Please help Bob to find any such graph!
Input
The input consists of a single integer n (3≤n≤1000) — the number of vertices.
Output
If there is no graph satisfying the conditions, print a single line containing the integer −1.
Otherwise, first print a line containing a prime number m (2≤m≤n(n−1)2) — the number of edges in the graph. Then, print m lines, the i-th of which containing two integers ui, vi (1≤ui,vi≤n) — meaning that there is an edge between vertices ui and vi. The degree of each vertex must be prime. There must be no multiple (parallel) edges or self-loops.
If there are multiple solutions, you may print any of them.

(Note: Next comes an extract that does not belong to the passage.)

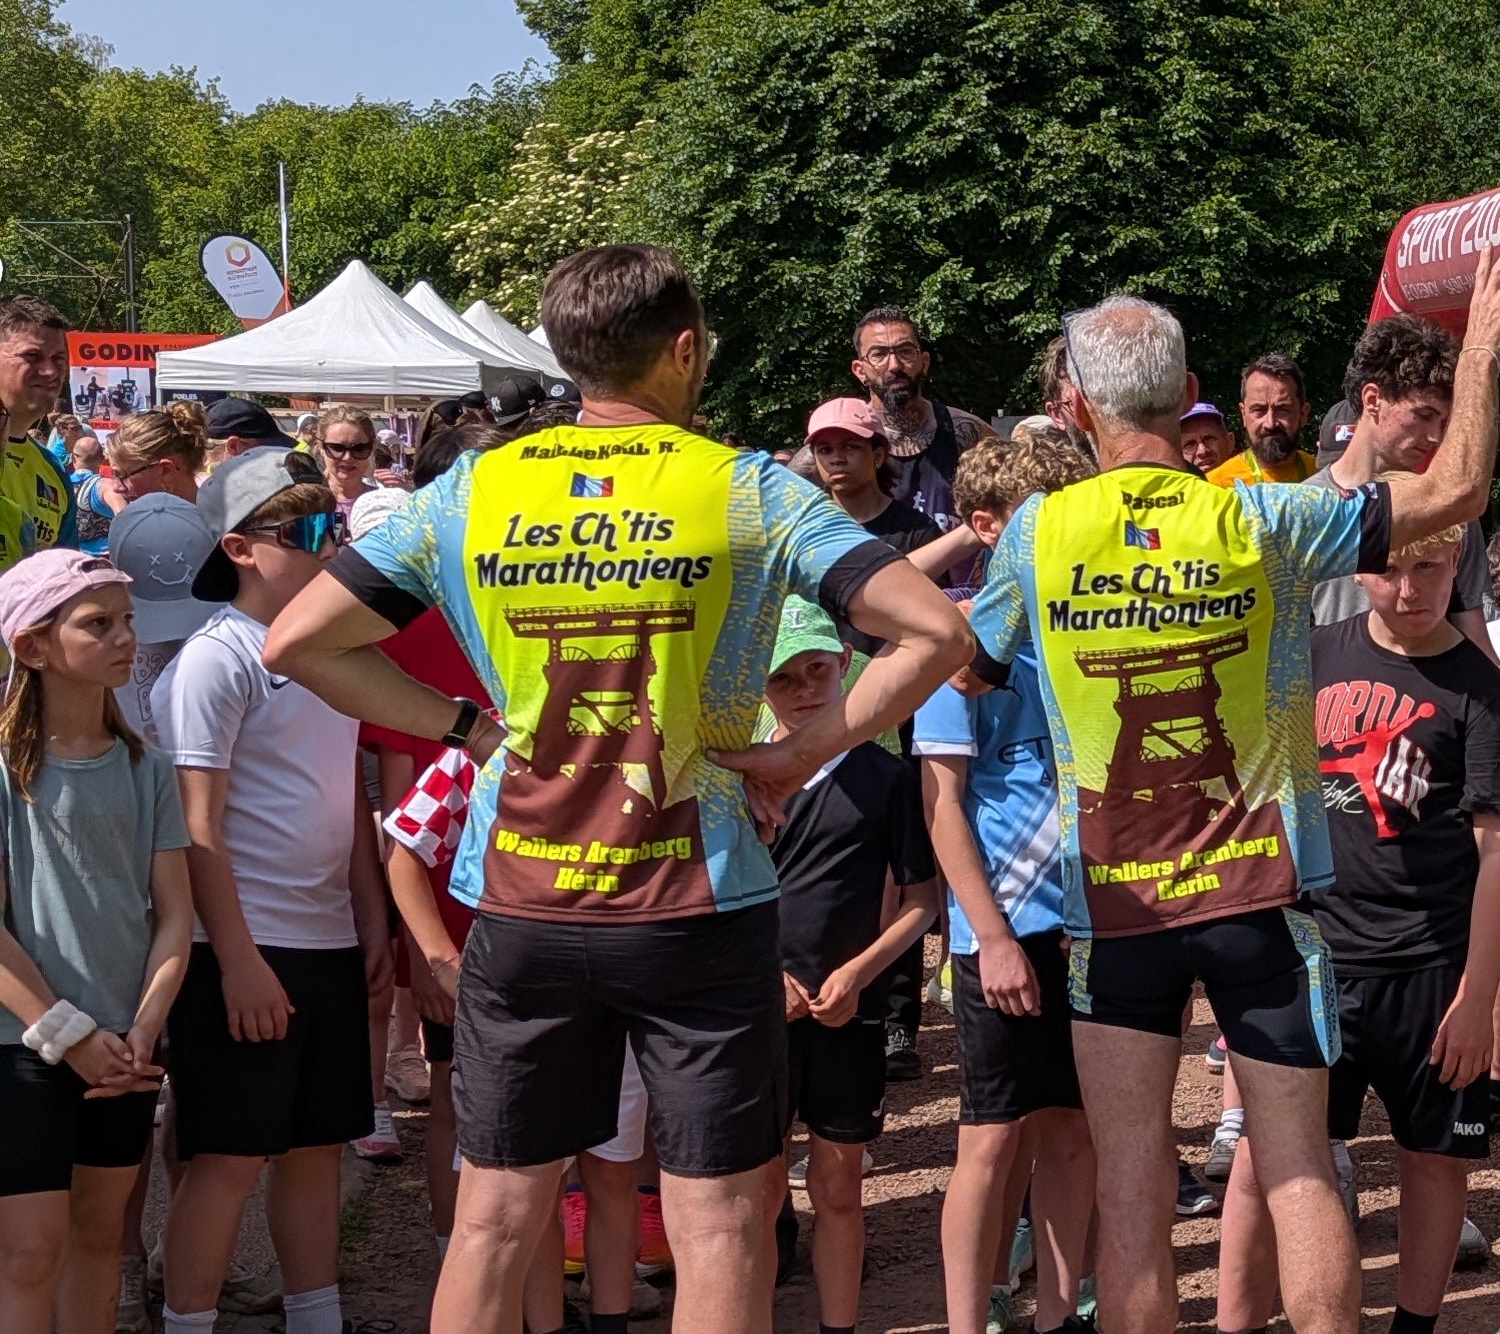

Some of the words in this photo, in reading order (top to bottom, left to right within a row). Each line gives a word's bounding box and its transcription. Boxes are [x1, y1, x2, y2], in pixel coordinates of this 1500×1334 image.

Note that the graph can be disconnected.
Examples
Input
4
Output
5
1 2
1 3
2 3
2 4
3 4
Input
8
Output
13
1 2
1 3
2 3
1 4
2 4
1 5
2 5
1 6
2 6
1 7
1 8
5 8
7 8
Note
The first example was described in the statement.
In the second example, the degrees of vertices are [7,5,2,2,3,2,2,3]. Each of these numbers is prime. Additionally, the number of edges, 13, is also a prime number, hence both conditions are satisfied.
Meaning of the questions:
allows you to construct a map of n contacts, so that the total number of edges is a prime number, the degree of each node is also a prime number.
Ideas:
Properties using a n ~ n + n / 2 in this range, there must be a prime number.
FIG then we can put together into a ring, the number of edges now is n.
If the current number is not a prime number of sides, then starting from 1, 1 is added with its edges connected to each node in the ring opposite the 1 + n / 2 in the ring.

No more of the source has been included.